CHURCHILL, a militant quasi-Marxist and Native American–rights activist, is not a terrorist. He’s just one of many careerist radicals whose politics are sufficiently provocative to earn him the praise of clueless leftist academics on the one hand, and the fury of gutless university administrators on the other. Moreover, while officials at the University of Colorado claim not to have been aware of Churchill’s politics, it is abundantly clear that his advancement to the position of full professor (with only a master’s degree, mind you) was not hindered by his radicalism, and may even have depended on it, regardless of the quality of his academic work. Churchill may or may not be an idiot, but a whole bevy of idiots ensured his success in academe.
Indeed, the "bevy of idiots" explanation for Churchill’s meteoric rise was confirmed this past Tuesday by Colorado law professor Paul Campos, who wrote in the Rocky Mountain News that the hiring and promoting of Churchill was a "grotesque fraud — a white man pretending to be an Indian, an intellectual charlatan spewing polemical garbage festooned with phony footnotes, a shameless demagogue." Campos, a political liberal who supports affirmative action, decried the way campus administrators perverted the doctrine to reward a shallow grandstander.
The controversy over Churchill has been simmering for more than three years, but has only now come to full boil. On September 12, 2001, Churchill wrote an essay, published informally on various Web sites, titled "Some People Push Back: On the Justice of Roosting Chickens," in which he characterized the victims of the World Trade Center as "little Eichmanns," a reference to Adolf Eichmann, the Nazi bureaucrat who helped maintain the machinery of death during the Holocaust. In Churchill’s estimation, the victims of the attack were complicit in the imperialist foreign policy of the United States, and therefore should be condemned. He wrote, "If there was a better, more effective, or in fact any other way of visiting some penalty befitting their participation upon the little Eichmanns inhabiting the sterile sanctuary of the twin towers, I’d really be interested in hearing about it." The essay goes on to praise the "gallant sacrifices" of the "combat teams" who attacked the World Trade Center.
Churchill’s post-9/11 essay lingered in relative obscurity for more than three years until December 2004, when he was invited to speak at Hamilton College, in Clinton, New York. At the time, Hamilton was reeling from another public-relations disaster, which had taken place just weeks before, stemming from its decision to hire Susan Rosenberg, a convicted felon and former leftist radical, to teach a one-month writing course. Rosenberg eventually declined the offer, but the controversy earned Hamilton both the ire of conservative political pundits and nationwide scrutiny. Wary of another scandal, a professor at Hamilton did some research on Churchill and discovered the essay. The flurry of death threats directed at the college, administrators claimed, prompted the school to cancel the speech. From there, it didn’t take long for the scandal to wend its way back to Churchill’s academic home at UC-Boulder, which quickly began considering ways to silence him.

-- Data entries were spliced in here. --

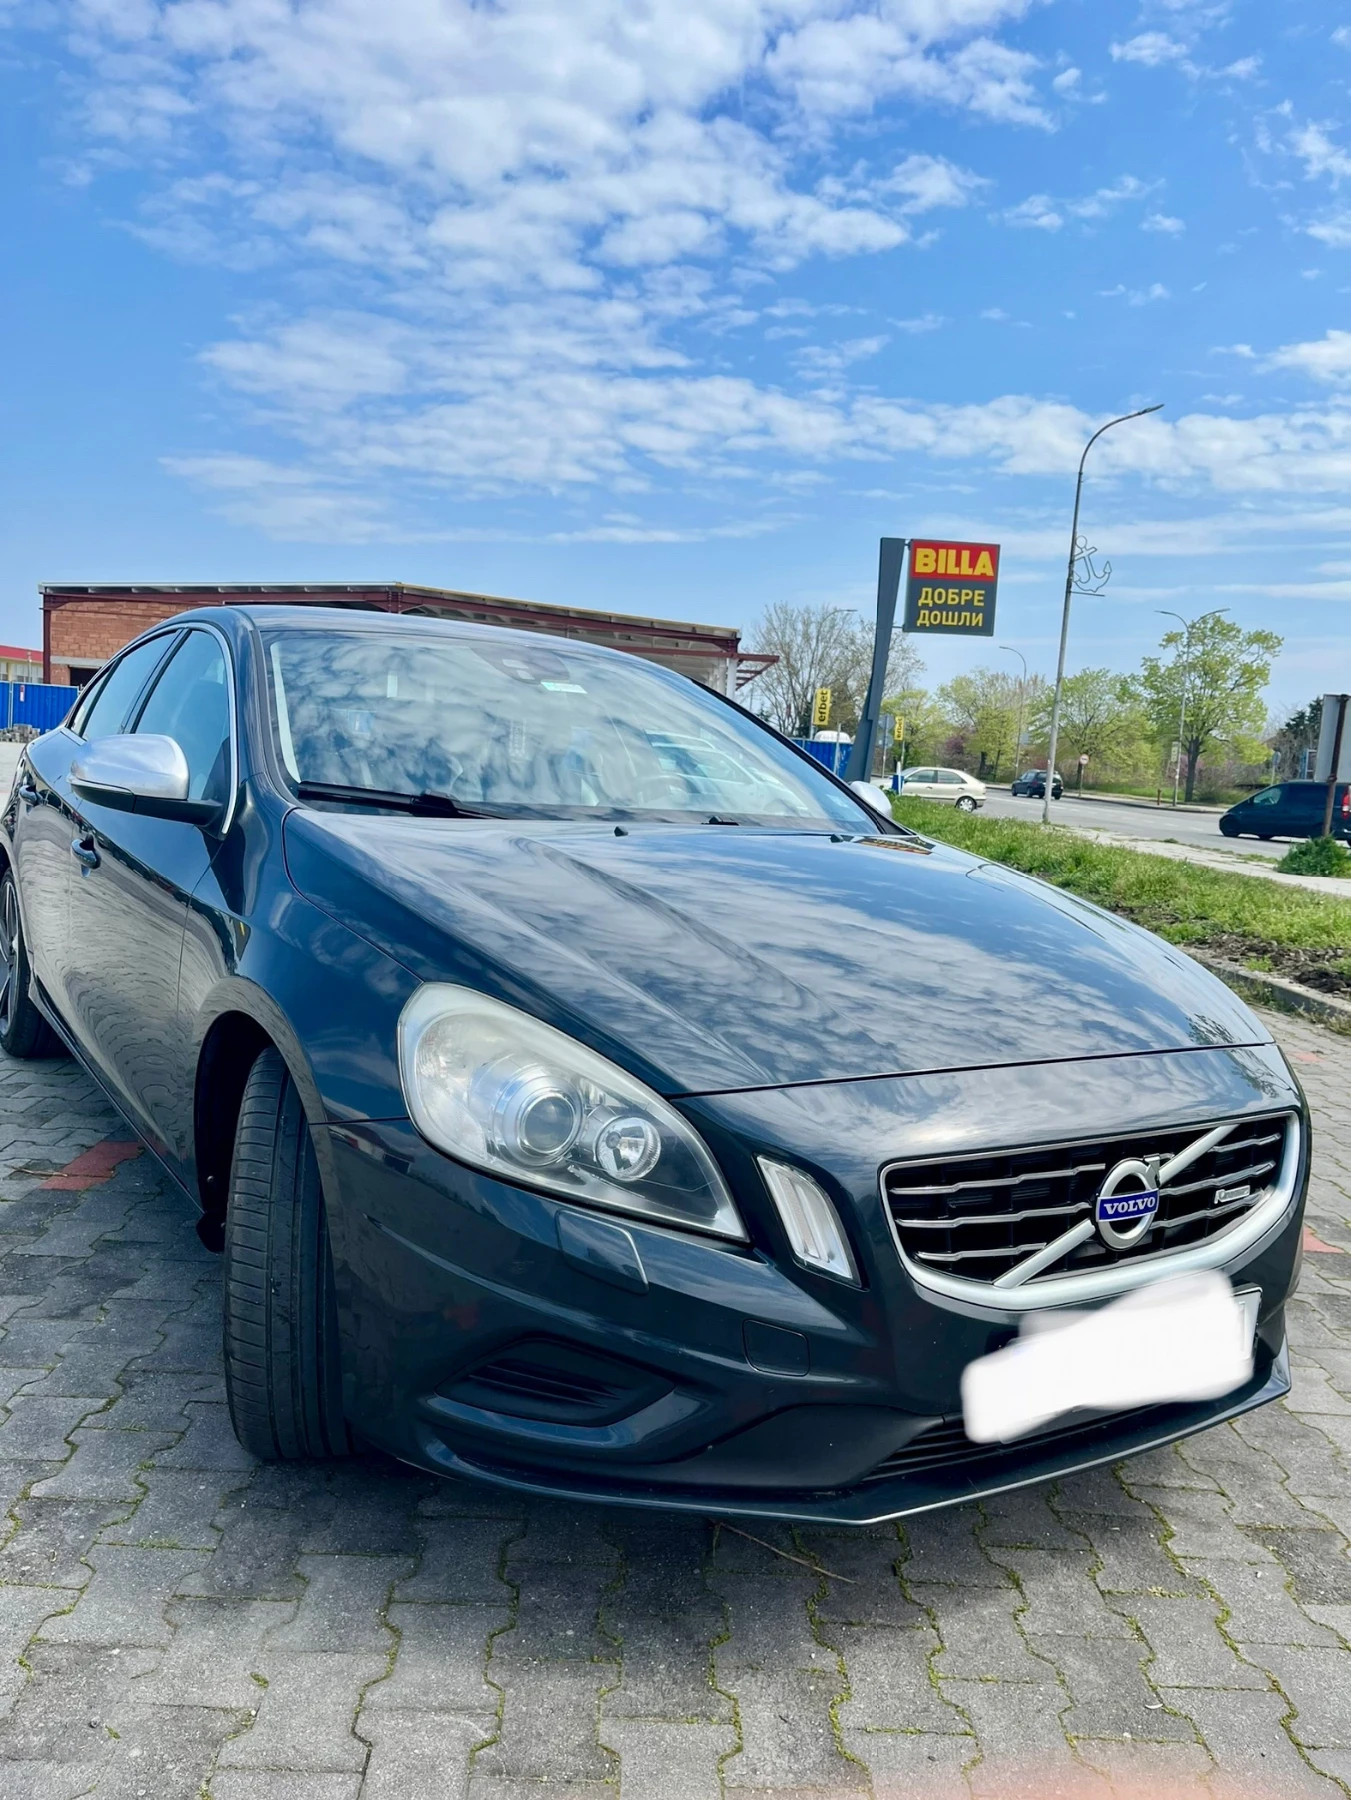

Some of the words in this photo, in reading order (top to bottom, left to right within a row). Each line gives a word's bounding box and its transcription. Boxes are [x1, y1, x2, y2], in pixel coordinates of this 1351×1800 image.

[915, 548, 994, 576] BILLA
[918, 588, 985, 607] ДОБРЕ
[917, 610, 983, 627] ДОШЛИ
[818, 690, 828, 722] efbet
[1104, 1196, 1156, 1215] VOLVO

The problem, of course, is that the University of Colorado, a public university, would have violated the First Amendment had it dismissed a tenured professor merely for making odious statements. However, there is ample legal precedent to suggest that the university would have been justified in dismissing Churchill from his administrative post as chair of the ethnic-studies department.

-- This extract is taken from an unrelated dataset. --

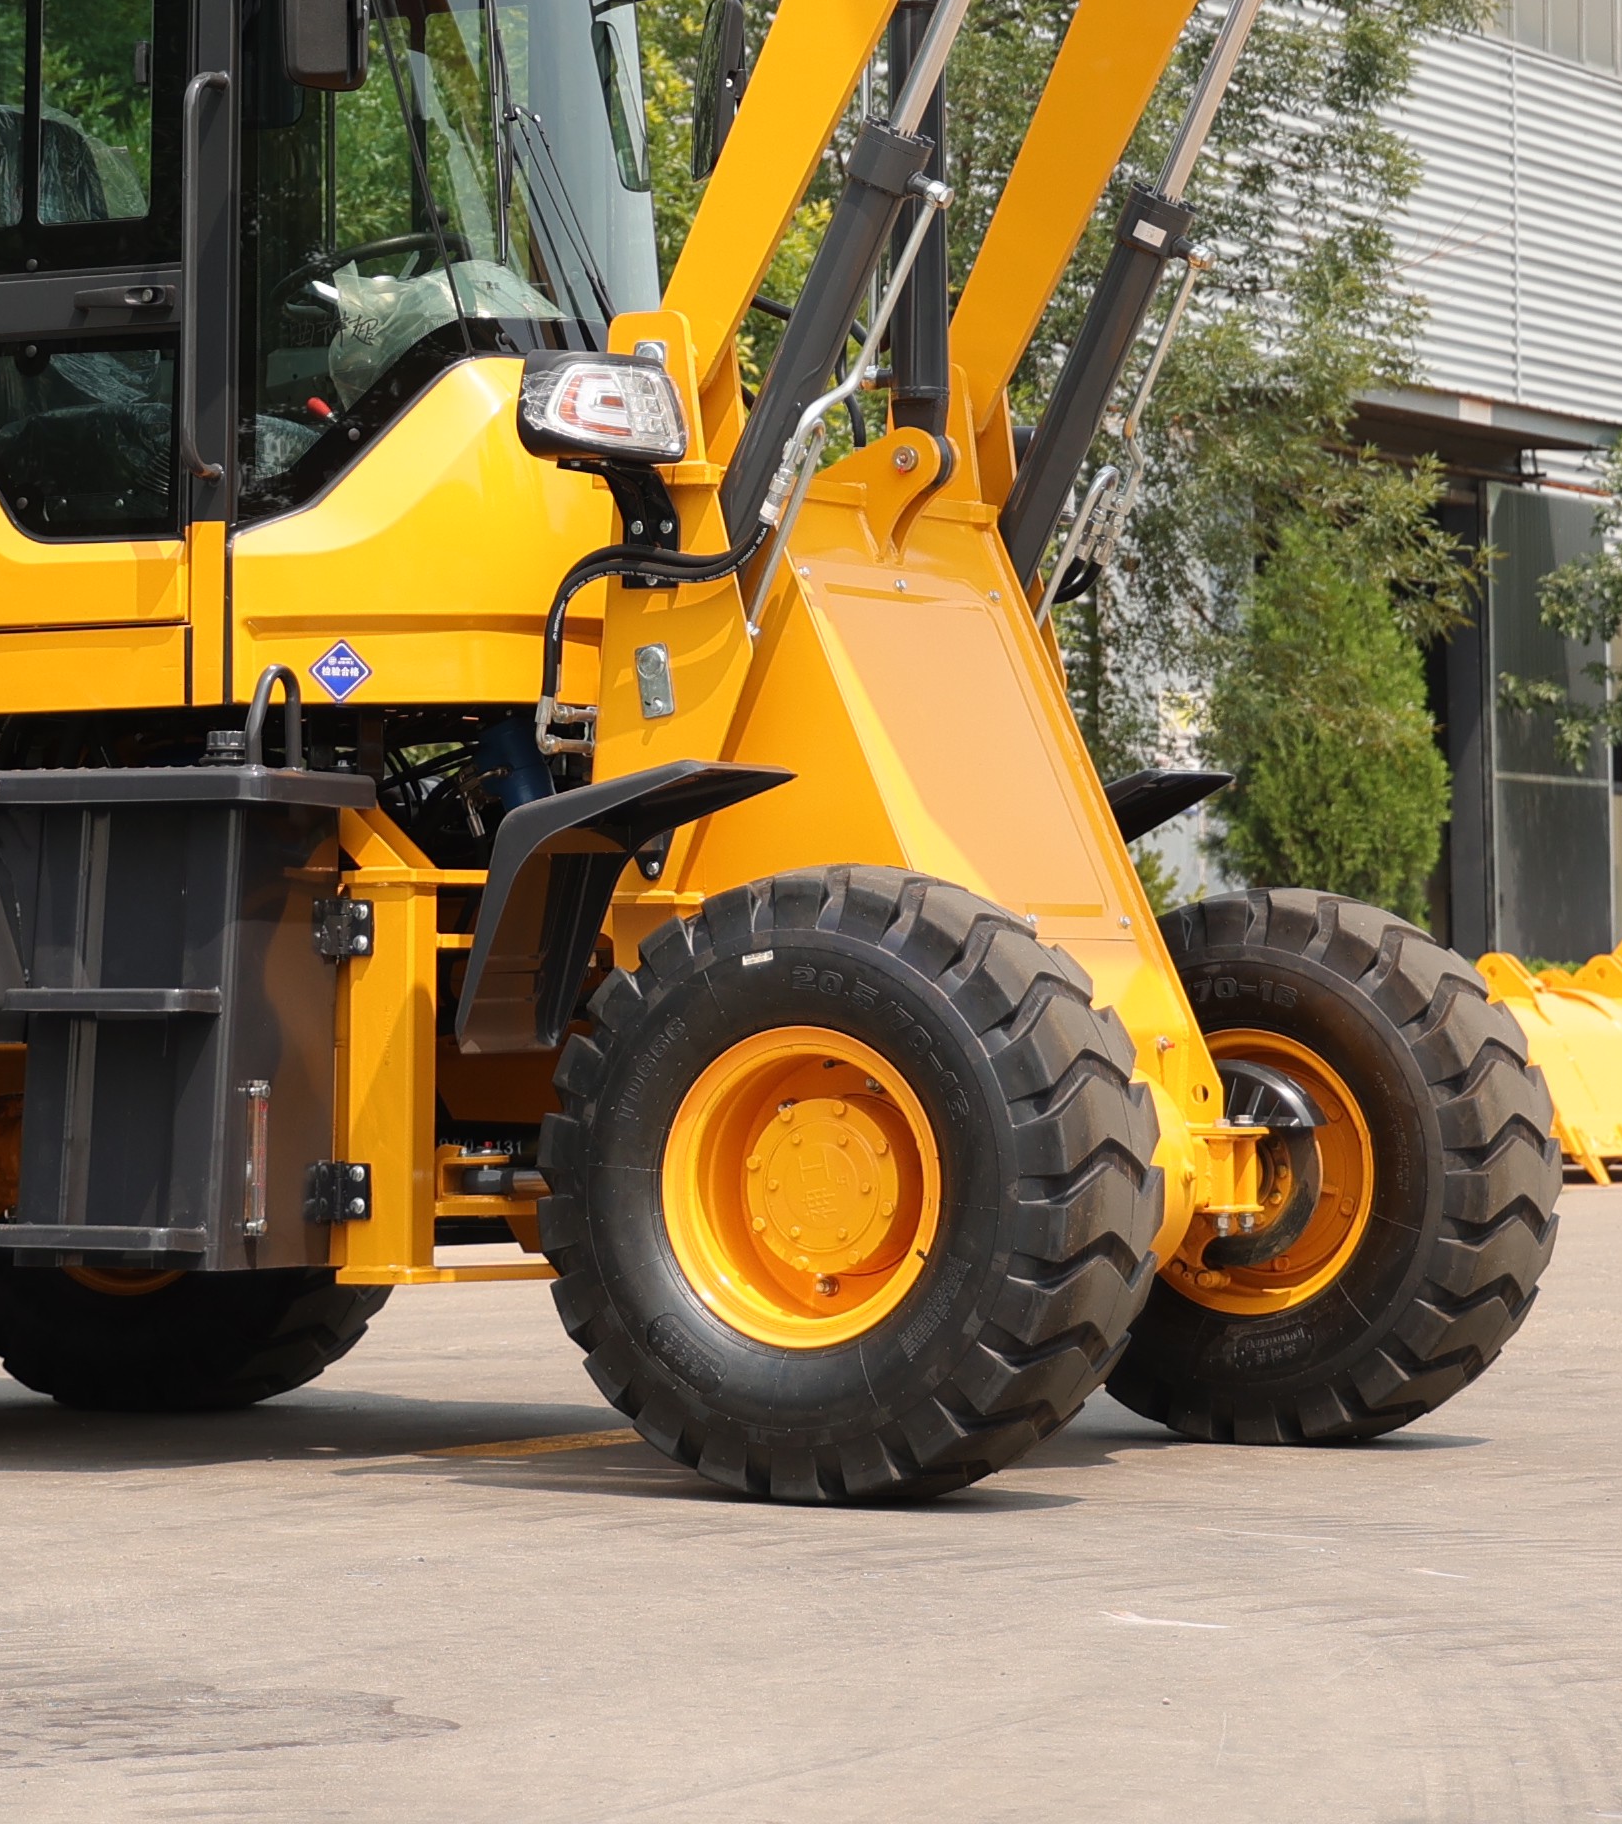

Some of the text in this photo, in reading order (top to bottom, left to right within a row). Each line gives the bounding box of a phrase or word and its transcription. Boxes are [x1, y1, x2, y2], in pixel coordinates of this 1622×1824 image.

[321, 665, 359, 677] 检验合格
[790, 965, 969, 1121] 20.5/70-16

Churchill may have been anticipating this sort of legally supportable retaliation from the university when he abruptly announced his resignation as ethnic-studies chair on January 31: "It is my considered view that the present political climate has rendered me a liability in terms of representing either my department, the college or the university in this or any other administrative capacity." But he remained defiant about keeping his tenured academic position despite the growing clamor for his head. Back at Hamilton College, the scandal had metastasized to the point that Nancy Rabinowitz, program director for the Kirkland Project, the campus organization that invited Churchill to speak, resigned her administrative post, too.
But Churchill, warts and all, should stand firm: any effort by the university to strip him of his professorship reeks of hypocrisy, even if his academic background is thin (to say the least). After all, he was promoted to head the ethnic-studies department two-and-a-half years ago — after his now-controversial essay on the 9/11 attacks was published. Given the extensive professional and academic evaluations that accompany, or should accompany, such an appointment, it seems unlikely that the university was completely ignorant of the quality of Churchill’s academic work and the nature of his politics.
The disingenuousness of UC-Boulder’s position was on full display when it abruptly canceled a planned February 8 on-campus lecture by Churchill. Like Hamilton College, UC-Boulder cited "security threats," reportedly made against students, as grounds for the cancellation. However, student groups protested, and Churchill filed a lawsuit. The university then reversed its decision, supposedly because it determined that the security threats had been overstated. The lecture went ahead as planned, albeit with heightened security. What these events demonstrate is that the modern university is motivated less by principle than by a desire to avoid demonstrations and lawsuits.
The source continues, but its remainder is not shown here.